The building was a smaller version of Julio’s high school: three stories of brick, this time dark red, whose sprawling wings were surrounded by asphalt that once might have been lawns. The paved areas had that grimy, tired look given by a lot of wear over a lot of years, and in the corners the wind had blown trash into little piles that gave a slightly ominous feel. It was as if the ghosts of boys who had gathered there in packs before school or during PE were still waiting to jump an isolated kid. The unyielding brick and asphalt, the sense of isolated corners and empty corridors where dark things could happen, the rows and rows of square windows that seemed to mask staring eyes, all brought back a feeling Wager had forgotten, and he could almost see himself in that first year of junior high school, a skinny runt who despite his name wasn’t one of the Anglos, and despite his skin wasn’t one of the Hispanics. And in the fights between the two, he had ended up battling both. That hadn’t left much time for what he was supposed to be learning from books and classes, and looking back on it, he guessed that was another of the reasons he finally gave up on high school: that lost year when studies had been outweighed by survival. Not that he’d cared enough about schoolwork to try and make it up, but that’s what the rigidity and grayness of this soiled building reminded him of. And the memory made the swarm of open-mouthed adolescent faces that filled the hallway seem half-familiar; among the gabbling swagger of many of the boys and the self-contained alertness of the budding girls he saw faces he almost recognized, and lives he could almost read.
He had a pretty good idea about the lives of the three kids sitting on hard chairs in the waiting room of the counselor’s office, too. They eyed him when he came in, a mixture of suspicion and curiosity half-masked by a show of worldly carelessness.
“Gentlemen,” Wager nodded.
Two nodded back. One just stared defensively.
Wager knocked on the door whose plastic name plate said Mr. Hoyer. A voice said “Come in,” and Wager did. Hoyer was a large man whose skin glistened with its own blackness. His thick hand wrapped around Wager’s in a brief, strong grip, and he nodded to one of the chairs placed in front of the desk. “The three boys are waiting for you.”

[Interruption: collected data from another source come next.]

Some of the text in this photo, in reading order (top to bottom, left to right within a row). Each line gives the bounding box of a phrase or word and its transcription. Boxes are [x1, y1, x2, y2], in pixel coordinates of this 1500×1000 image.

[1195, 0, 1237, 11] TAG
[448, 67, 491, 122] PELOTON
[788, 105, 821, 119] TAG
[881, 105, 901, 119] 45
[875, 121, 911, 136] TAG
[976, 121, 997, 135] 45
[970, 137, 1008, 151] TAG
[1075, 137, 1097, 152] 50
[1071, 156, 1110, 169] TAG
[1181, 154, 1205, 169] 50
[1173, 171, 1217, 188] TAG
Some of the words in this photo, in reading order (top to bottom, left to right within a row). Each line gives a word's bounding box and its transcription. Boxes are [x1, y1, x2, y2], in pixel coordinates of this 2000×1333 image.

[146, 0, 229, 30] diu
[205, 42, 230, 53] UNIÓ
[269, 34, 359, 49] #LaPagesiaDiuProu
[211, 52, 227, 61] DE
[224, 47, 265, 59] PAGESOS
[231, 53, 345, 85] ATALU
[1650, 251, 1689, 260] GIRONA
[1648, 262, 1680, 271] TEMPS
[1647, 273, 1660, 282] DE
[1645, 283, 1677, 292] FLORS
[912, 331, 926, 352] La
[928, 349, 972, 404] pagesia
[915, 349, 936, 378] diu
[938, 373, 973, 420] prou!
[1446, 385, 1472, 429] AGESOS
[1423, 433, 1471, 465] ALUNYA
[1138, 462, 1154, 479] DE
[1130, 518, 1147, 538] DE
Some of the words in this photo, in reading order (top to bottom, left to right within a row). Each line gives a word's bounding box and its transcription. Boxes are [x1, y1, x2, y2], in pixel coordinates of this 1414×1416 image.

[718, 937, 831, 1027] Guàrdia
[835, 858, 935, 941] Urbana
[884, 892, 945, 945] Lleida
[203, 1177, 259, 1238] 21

“I saw them. How well did you know Hocks?”
The man’s forehead wrinkled in a shrug, and Wager noted the glint of a scar leading into the short, graying hair. There were a few more tiny cuts in the puffy flesh beneath his eyes, like an ex-boxer might have. “I didn’t have any official contact with him; he was doing all right in his schoolwork, I hear—one of the better students, in fact. But I did ask around, and”—another shrug—“he had some money coming from somewhere. You know, talking big, flashing it around. Lord knows he didn’t get much from his mama, so it’s probably like you suspected—he was working the street for somebody.”